Please copy out the entries exactly, skipping any pictures.

[Records drawn from a dataset]
_ _ _ _ _
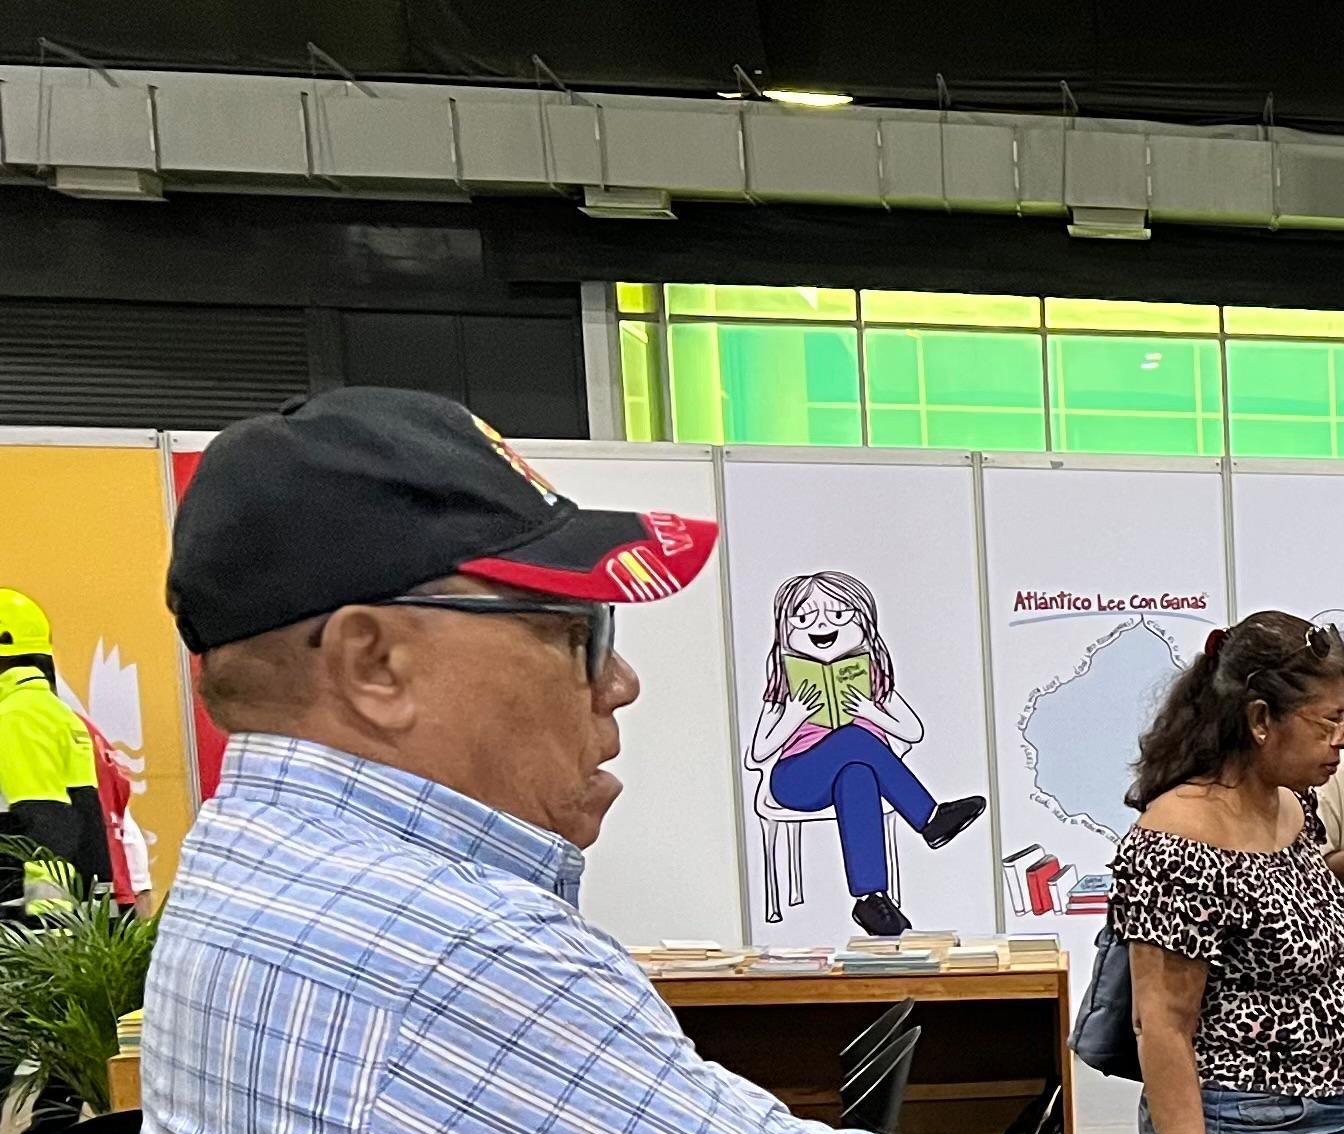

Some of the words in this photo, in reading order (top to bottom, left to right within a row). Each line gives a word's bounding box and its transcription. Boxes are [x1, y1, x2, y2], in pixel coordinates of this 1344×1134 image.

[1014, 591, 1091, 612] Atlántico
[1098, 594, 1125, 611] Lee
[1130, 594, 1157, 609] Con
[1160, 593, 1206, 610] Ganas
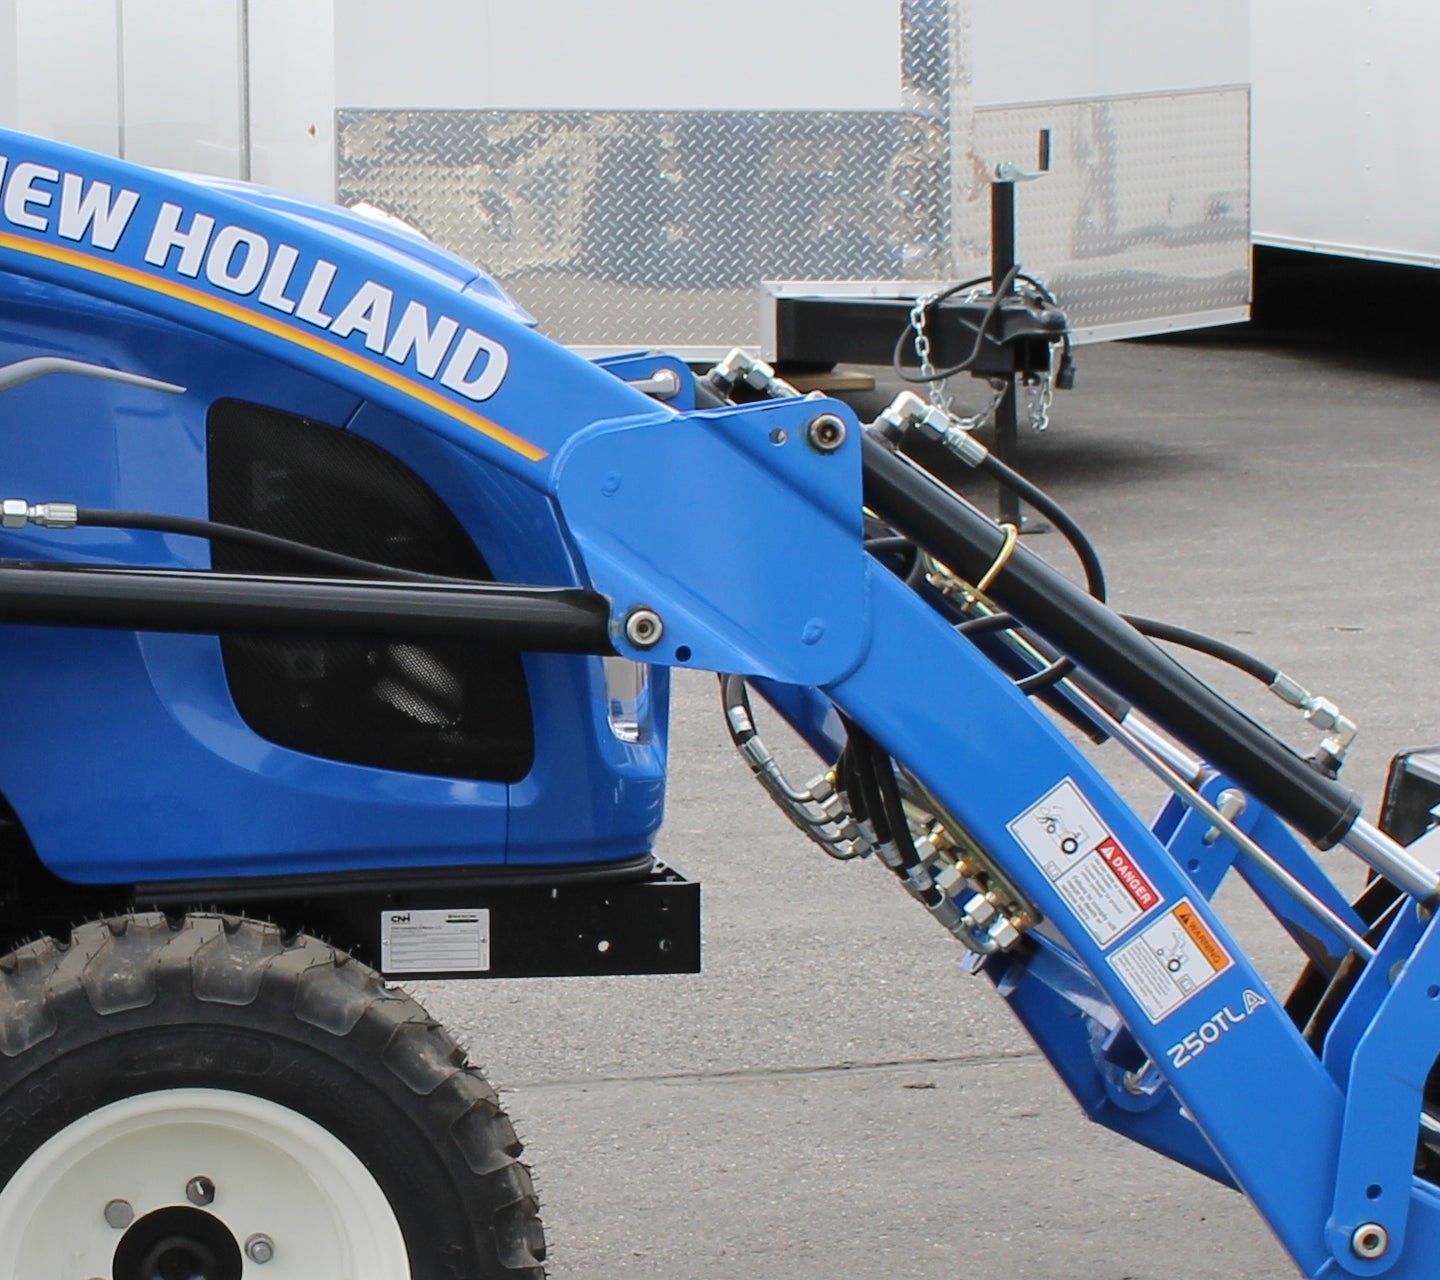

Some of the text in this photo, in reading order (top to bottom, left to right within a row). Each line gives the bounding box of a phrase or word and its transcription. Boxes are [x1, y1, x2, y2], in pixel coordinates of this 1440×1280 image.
_ _ _ _ _
• _EXERCISE SOLUTION_:
Some of the words in this photo, in reading order (top to bottom, left to right within a row). Each line gives a word's bounding box and its transcription. Boxes are [x1, y1, x2, y2], in pixel coordinates of this 1344×1134 image.

[1014, 591, 1091, 612] Atlántico
[1098, 594, 1125, 611] Lee
[1130, 594, 1157, 609] Con
[1160, 593, 1206, 610] Ganas

Some of the text in this photo, in reading order (top to bottom, left to right within a row). Each line gives the bounding box of a phrase or word and its transcription. Boxes are [x1, y1, x2, y2], in pixel coordinates of this 1440×1280 image.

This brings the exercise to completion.